• Input
========================================
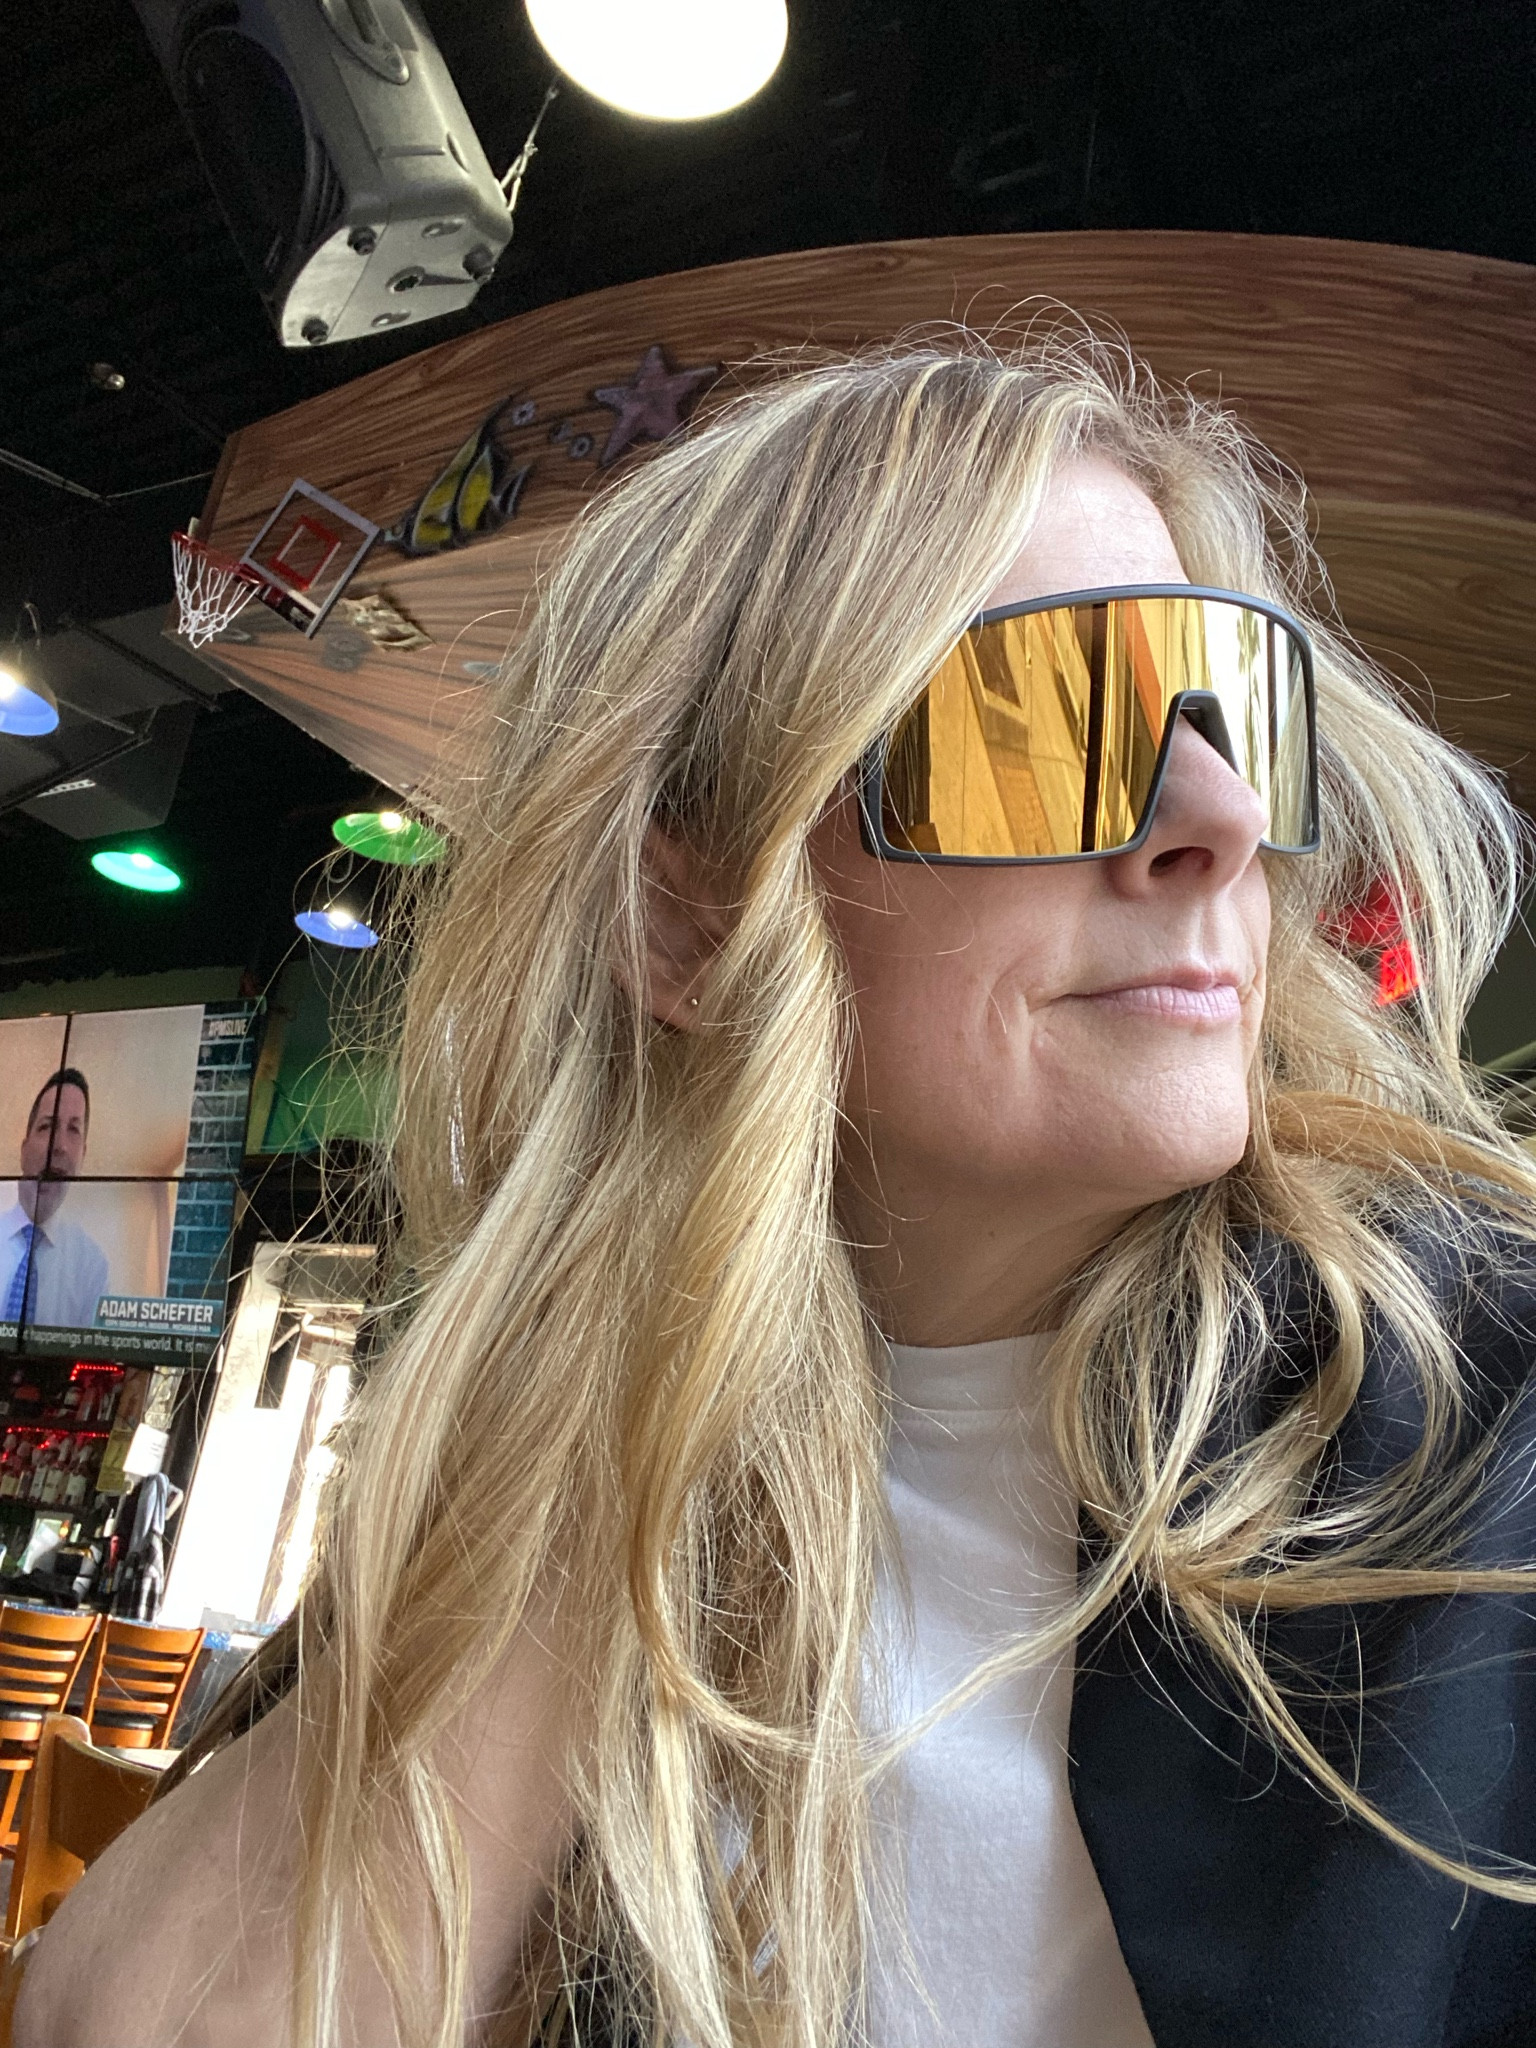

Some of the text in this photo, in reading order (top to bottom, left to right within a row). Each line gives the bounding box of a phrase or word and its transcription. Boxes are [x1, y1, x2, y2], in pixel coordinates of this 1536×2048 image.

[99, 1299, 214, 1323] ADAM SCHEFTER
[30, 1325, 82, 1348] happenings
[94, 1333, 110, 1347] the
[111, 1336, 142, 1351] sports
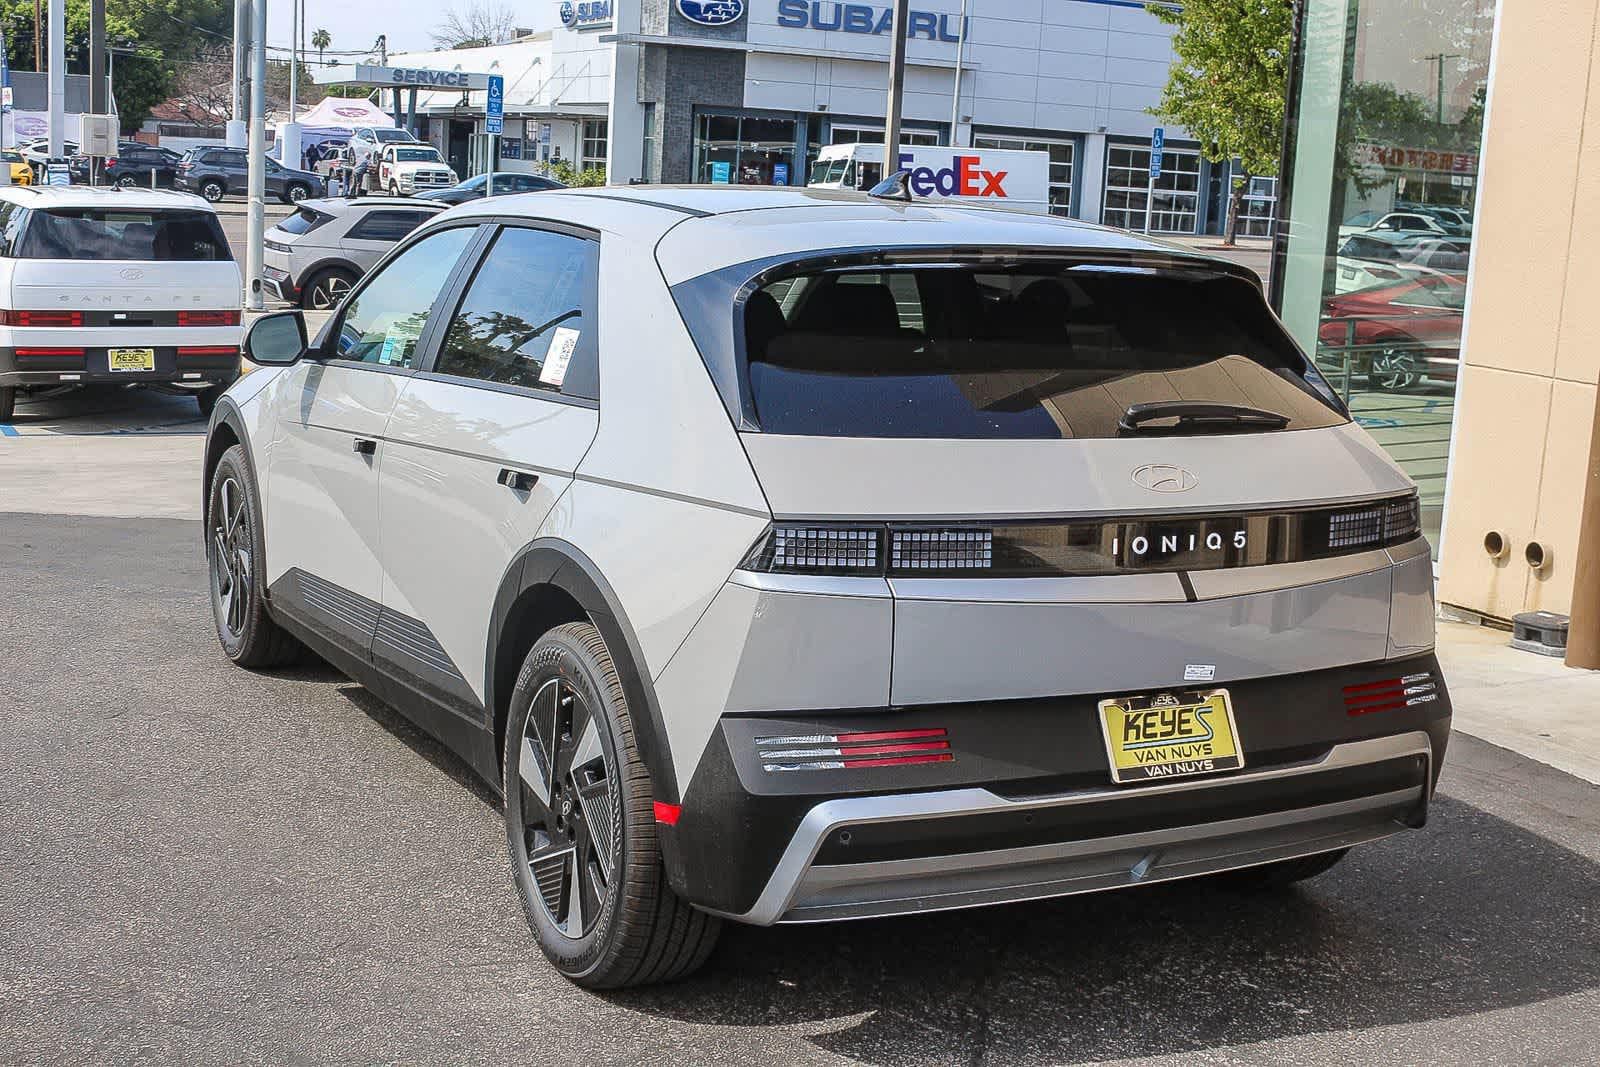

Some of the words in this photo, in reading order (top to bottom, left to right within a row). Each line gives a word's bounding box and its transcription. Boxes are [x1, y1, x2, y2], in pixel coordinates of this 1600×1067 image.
========================================
Write out the entries again, exactly as given, skipping any images.

Some of the text in this photo, in reading order (top to bottom, left to right within a row). Each line gives the bounding box of a phrase or word and its transcription. Boxes are [x1, y1, x2, y2], in pixel coordinates of this 1536×2048 image.

[99, 1299, 214, 1323] ADAM SCHEFTER
[30, 1325, 82, 1348] happenings
[94, 1333, 110, 1347] the
[111, 1336, 142, 1351] sports

Some of the words in this photo, in reading order (top to bottom, left to right within a row). Each line gives a word's bounding box and its transcription. Boxes are [x1, y1, x2, y2], in pixel coordinates of this 1600×1067 image.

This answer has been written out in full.